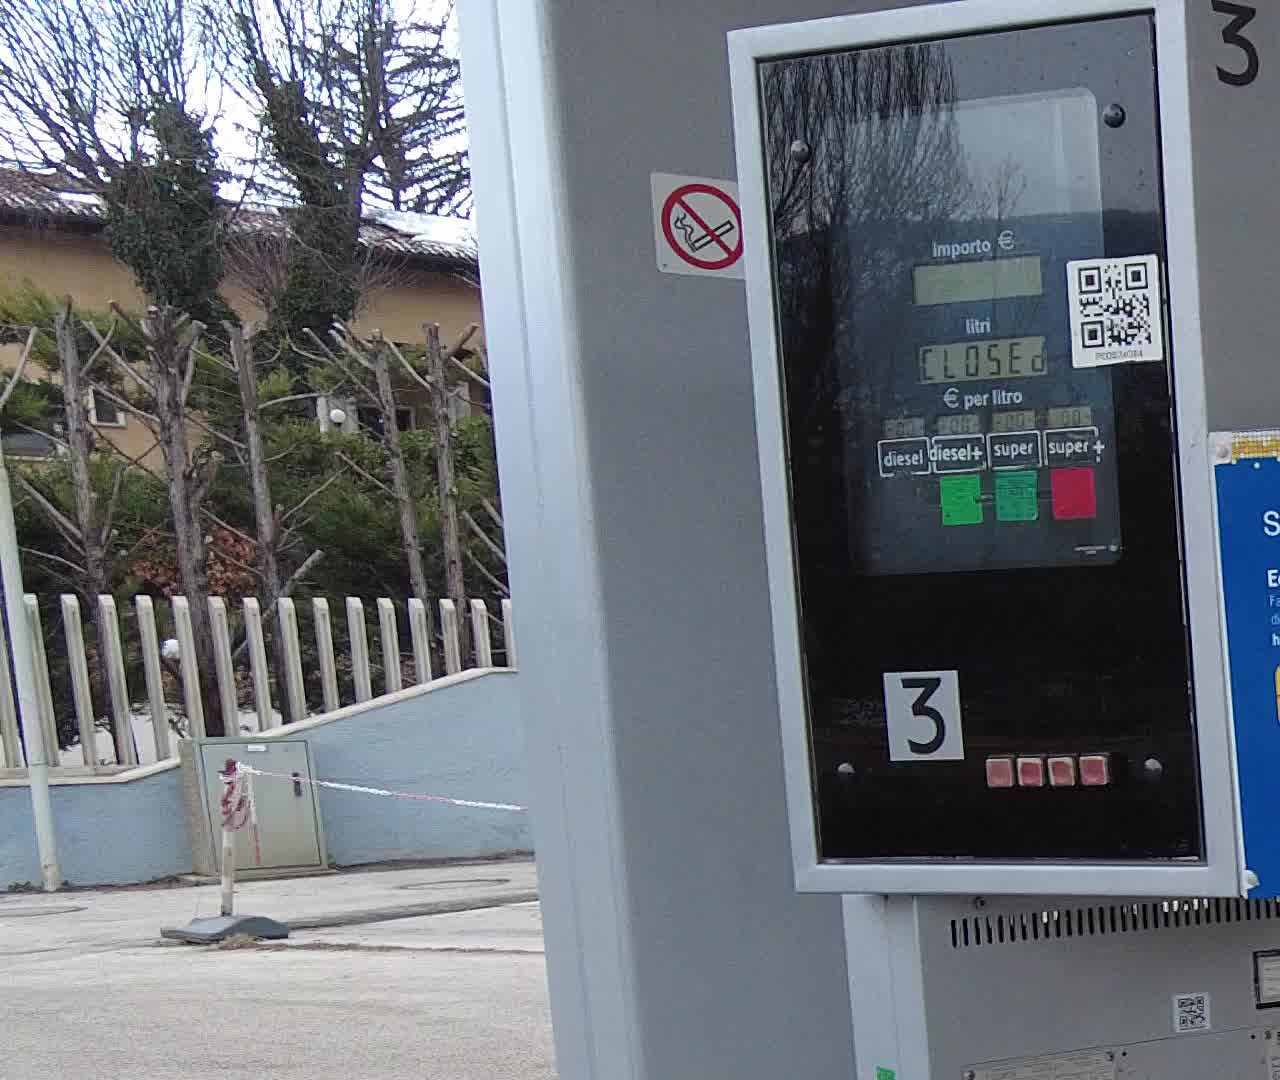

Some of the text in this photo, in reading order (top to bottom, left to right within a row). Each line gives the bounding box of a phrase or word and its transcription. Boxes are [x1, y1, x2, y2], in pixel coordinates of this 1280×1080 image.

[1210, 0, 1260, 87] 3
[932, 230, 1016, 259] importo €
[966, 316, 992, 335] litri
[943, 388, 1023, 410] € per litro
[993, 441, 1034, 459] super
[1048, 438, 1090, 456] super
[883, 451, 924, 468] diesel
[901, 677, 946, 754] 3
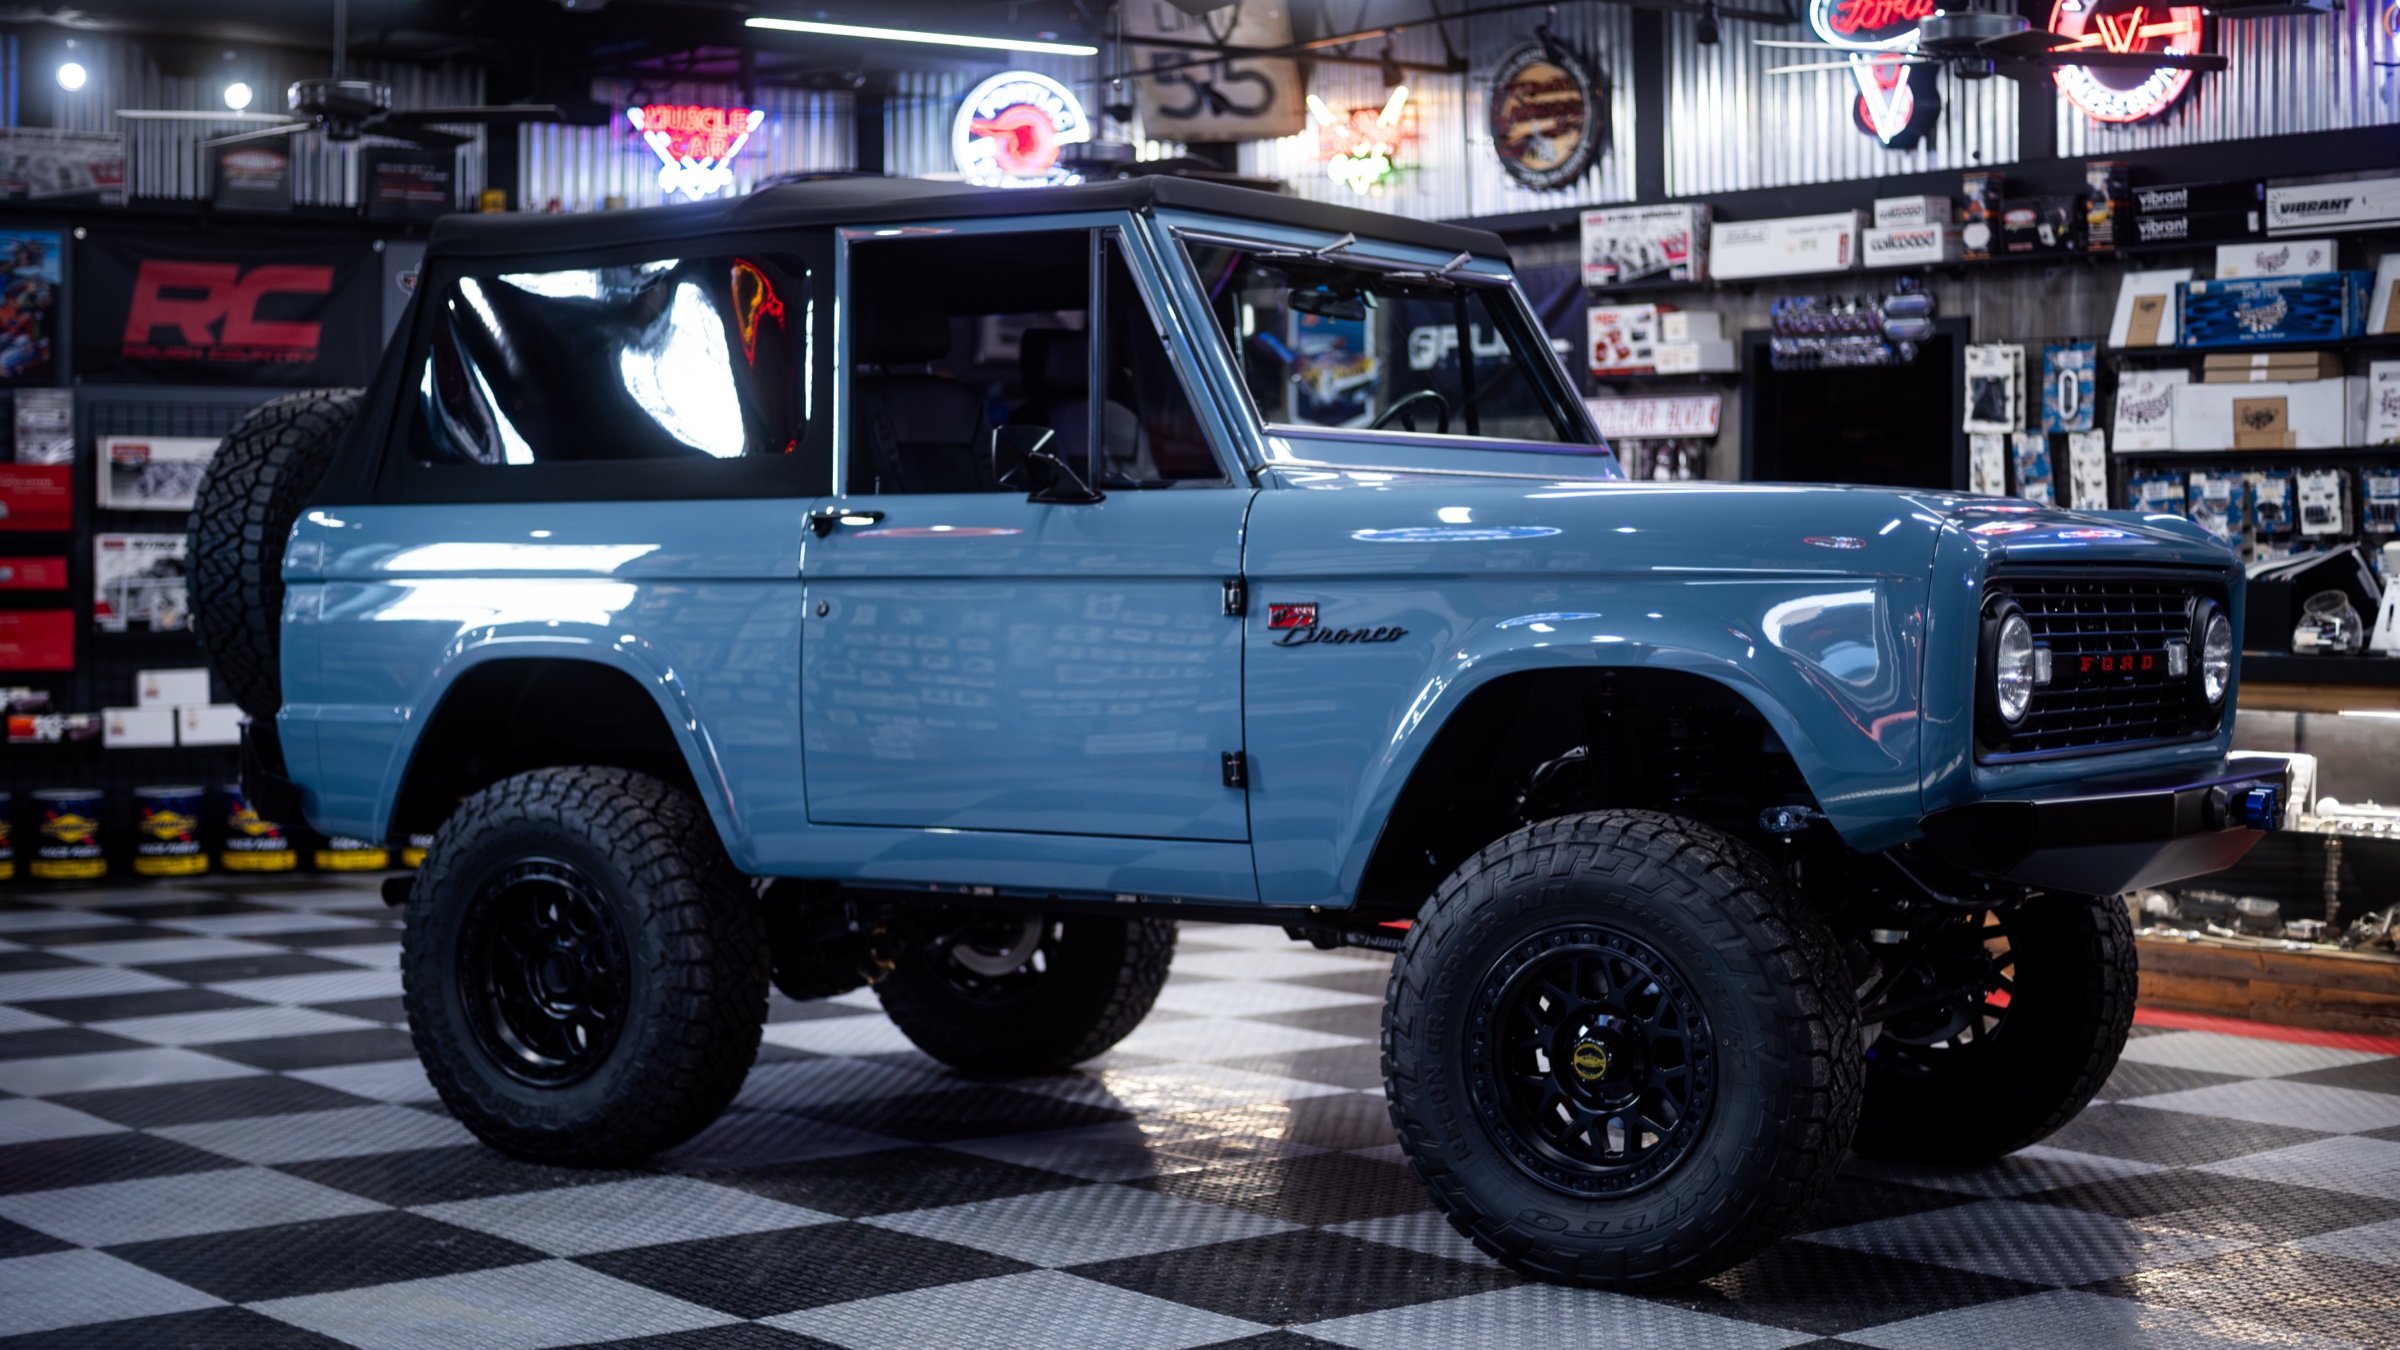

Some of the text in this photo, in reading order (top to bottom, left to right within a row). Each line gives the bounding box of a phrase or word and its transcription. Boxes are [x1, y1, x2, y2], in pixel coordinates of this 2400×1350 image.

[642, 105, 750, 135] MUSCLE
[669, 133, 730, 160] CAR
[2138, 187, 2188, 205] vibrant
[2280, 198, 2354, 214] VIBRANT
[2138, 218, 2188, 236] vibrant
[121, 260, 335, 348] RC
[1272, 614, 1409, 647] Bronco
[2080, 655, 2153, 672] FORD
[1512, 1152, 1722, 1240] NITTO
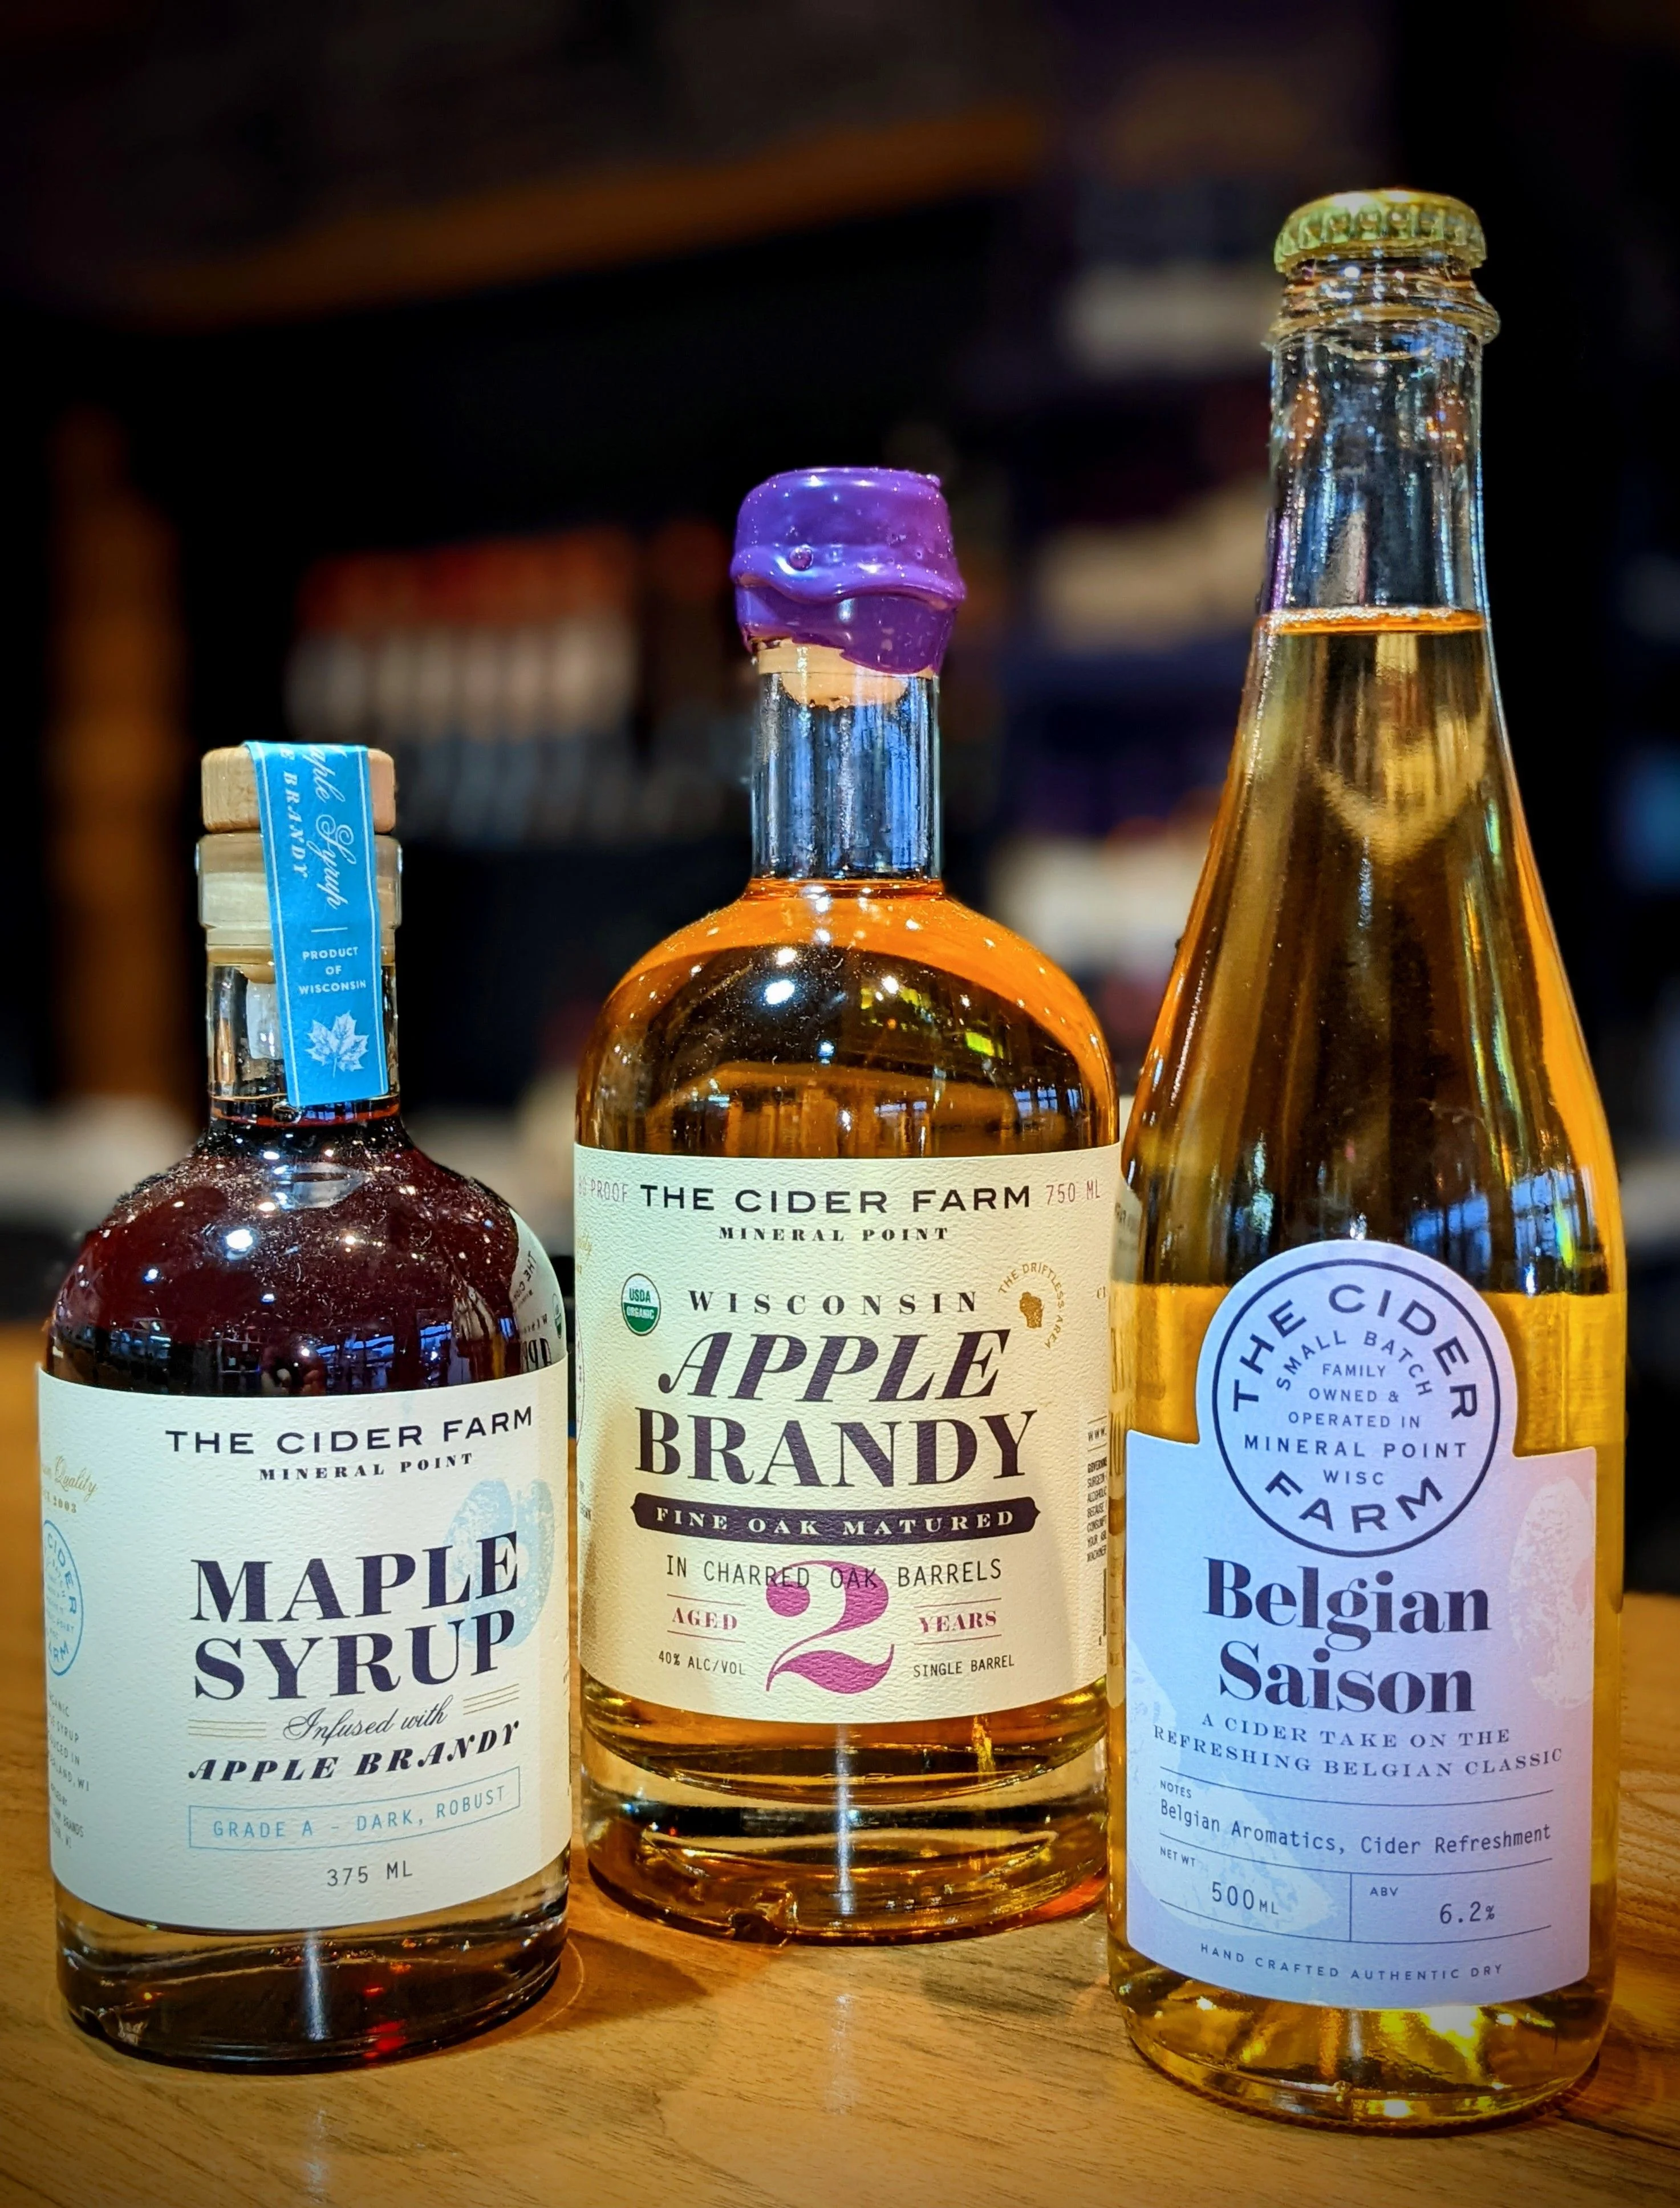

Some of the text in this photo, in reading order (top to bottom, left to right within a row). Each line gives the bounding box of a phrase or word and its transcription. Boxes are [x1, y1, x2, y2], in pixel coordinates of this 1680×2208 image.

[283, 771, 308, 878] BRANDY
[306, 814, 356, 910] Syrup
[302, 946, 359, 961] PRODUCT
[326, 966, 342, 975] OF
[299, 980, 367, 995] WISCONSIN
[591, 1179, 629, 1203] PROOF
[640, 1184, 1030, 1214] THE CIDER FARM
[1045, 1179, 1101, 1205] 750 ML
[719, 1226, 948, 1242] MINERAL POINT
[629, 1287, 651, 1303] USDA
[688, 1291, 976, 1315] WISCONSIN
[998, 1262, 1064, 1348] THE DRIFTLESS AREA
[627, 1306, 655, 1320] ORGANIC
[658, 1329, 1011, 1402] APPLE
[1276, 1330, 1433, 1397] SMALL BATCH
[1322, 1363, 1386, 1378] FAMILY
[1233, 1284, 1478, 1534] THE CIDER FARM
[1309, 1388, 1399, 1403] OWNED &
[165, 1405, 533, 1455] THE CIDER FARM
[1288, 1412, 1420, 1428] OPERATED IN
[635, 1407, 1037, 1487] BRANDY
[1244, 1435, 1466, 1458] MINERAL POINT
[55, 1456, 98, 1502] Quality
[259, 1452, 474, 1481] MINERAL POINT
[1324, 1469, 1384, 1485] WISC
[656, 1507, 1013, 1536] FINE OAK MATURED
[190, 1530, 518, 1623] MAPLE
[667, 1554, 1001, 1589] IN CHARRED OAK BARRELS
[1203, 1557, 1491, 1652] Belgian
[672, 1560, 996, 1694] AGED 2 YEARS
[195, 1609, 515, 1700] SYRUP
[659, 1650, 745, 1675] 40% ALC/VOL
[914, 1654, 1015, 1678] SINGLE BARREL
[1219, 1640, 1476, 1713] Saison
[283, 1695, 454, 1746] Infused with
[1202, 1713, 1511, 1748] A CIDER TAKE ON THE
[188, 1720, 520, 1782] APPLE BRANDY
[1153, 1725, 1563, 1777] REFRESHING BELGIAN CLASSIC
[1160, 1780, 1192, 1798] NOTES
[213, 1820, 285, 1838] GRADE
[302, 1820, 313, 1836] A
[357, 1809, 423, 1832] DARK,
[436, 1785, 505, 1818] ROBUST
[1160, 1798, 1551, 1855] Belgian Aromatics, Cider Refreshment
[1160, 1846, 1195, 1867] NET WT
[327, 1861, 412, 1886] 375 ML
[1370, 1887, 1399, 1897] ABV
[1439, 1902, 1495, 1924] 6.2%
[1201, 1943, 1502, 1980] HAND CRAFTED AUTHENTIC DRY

######

PROBLEM STATEMENT ▸ For each record above, write it out exactly and omit any picture.

RESPONSE BELOW ▸
Some of the text in this photo, in reading order (top to bottom, left to right within a row). Each line gives the bounding box of a phrase or word and its transcription. Boxes are [x1, y1, x2, y2], in pixel coordinates of this 1280×1080 image.

[1210, 0, 1260, 87] 3
[932, 230, 1016, 259] importo €
[966, 316, 992, 335] litri
[943, 388, 1023, 410] € per litro
[993, 441, 1034, 459] super
[1048, 438, 1090, 456] super
[883, 451, 924, 468] diesel
[901, 677, 946, 754] 3

Some of the text in this photo, in reading order (top to bottom, left to right within a row). Each line gives the bounding box of a phrase or word and its transcription. Boxes are [x1, y1, x2, y2], in pixel coordinates of this 2400×1350 image.

[642, 105, 750, 135] MUSCLE
[669, 133, 730, 160] CAR
[2138, 187, 2188, 205] vibrant
[2280, 198, 2354, 214] VIBRANT
[2138, 218, 2188, 236] vibrant
[121, 260, 335, 348] RC
[1272, 614, 1409, 647] Bronco
[2080, 655, 2153, 672] FORD
[1512, 1152, 1722, 1240] NITTO

Some of the text in this photo, in reading order (top to bottom, left to right within a row). Each line gives the bounding box of a phrase or word and its transcription. Boxes are [x1, y1, x2, y2], in pixel coordinates of this 1680×2208 image.

[283, 771, 308, 878] BRANDY
[306, 814, 356, 910] Syrup
[302, 946, 359, 961] PRODUCT
[326, 966, 342, 975] OF
[299, 980, 367, 995] WISCONSIN
[591, 1179, 629, 1203] PROOF
[640, 1184, 1030, 1214] THE CIDER FARM
[1045, 1179, 1101, 1205] 750 ML
[719, 1226, 948, 1242] MINERAL POINT
[629, 1287, 651, 1303] USDA
[688, 1291, 976, 1315] WISCONSIN
[998, 1262, 1064, 1348] THE DRIFTLESS AREA
[627, 1306, 655, 1320] ORGANIC
[658, 1329, 1011, 1402] APPLE
[1276, 1330, 1433, 1397] SMALL BATCH
[1322, 1363, 1386, 1378] FAMILY
[1233, 1284, 1478, 1534] THE CIDER FARM
[1309, 1388, 1399, 1403] OWNED &
[165, 1405, 533, 1455] THE CIDER FARM
[1288, 1412, 1420, 1428] OPERATED IN
[635, 1407, 1037, 1487] BRANDY
[1244, 1435, 1466, 1458] MINERAL POINT
[55, 1456, 98, 1502] Quality
[259, 1452, 474, 1481] MINERAL POINT
[1324, 1469, 1384, 1485] WISC
[656, 1507, 1013, 1536] FINE OAK MATURED
[190, 1530, 518, 1623] MAPLE
[667, 1554, 1001, 1589] IN CHARRED OAK BARRELS
[1203, 1557, 1491, 1652] Belgian
[672, 1560, 996, 1694] AGED 2 YEARS
[195, 1609, 515, 1700] SYRUP
[659, 1650, 745, 1675] 40% ALC/VOL
[914, 1654, 1015, 1678] SINGLE BARREL
[1219, 1640, 1476, 1713] Saison
[283, 1695, 454, 1746] Infused with
[1202, 1713, 1511, 1748] A CIDER TAKE ON THE
[188, 1720, 520, 1782] APPLE BRANDY
[1153, 1725, 1563, 1777] REFRESHING BELGIAN CLASSIC
[1160, 1780, 1192, 1798] NOTES
[213, 1820, 285, 1838] GRADE
[302, 1820, 313, 1836] A
[357, 1809, 423, 1832] DARK,
[436, 1785, 505, 1818] ROBUST
[1160, 1798, 1551, 1855] Belgian Aromatics, Cider Refreshment
[1160, 1846, 1195, 1867] NET WT
[327, 1861, 412, 1886] 375 ML
[1370, 1887, 1399, 1897] ABV
[1439, 1902, 1495, 1924] 6.2%
[1201, 1943, 1502, 1980] HAND CRAFTED AUTHENTIC DRY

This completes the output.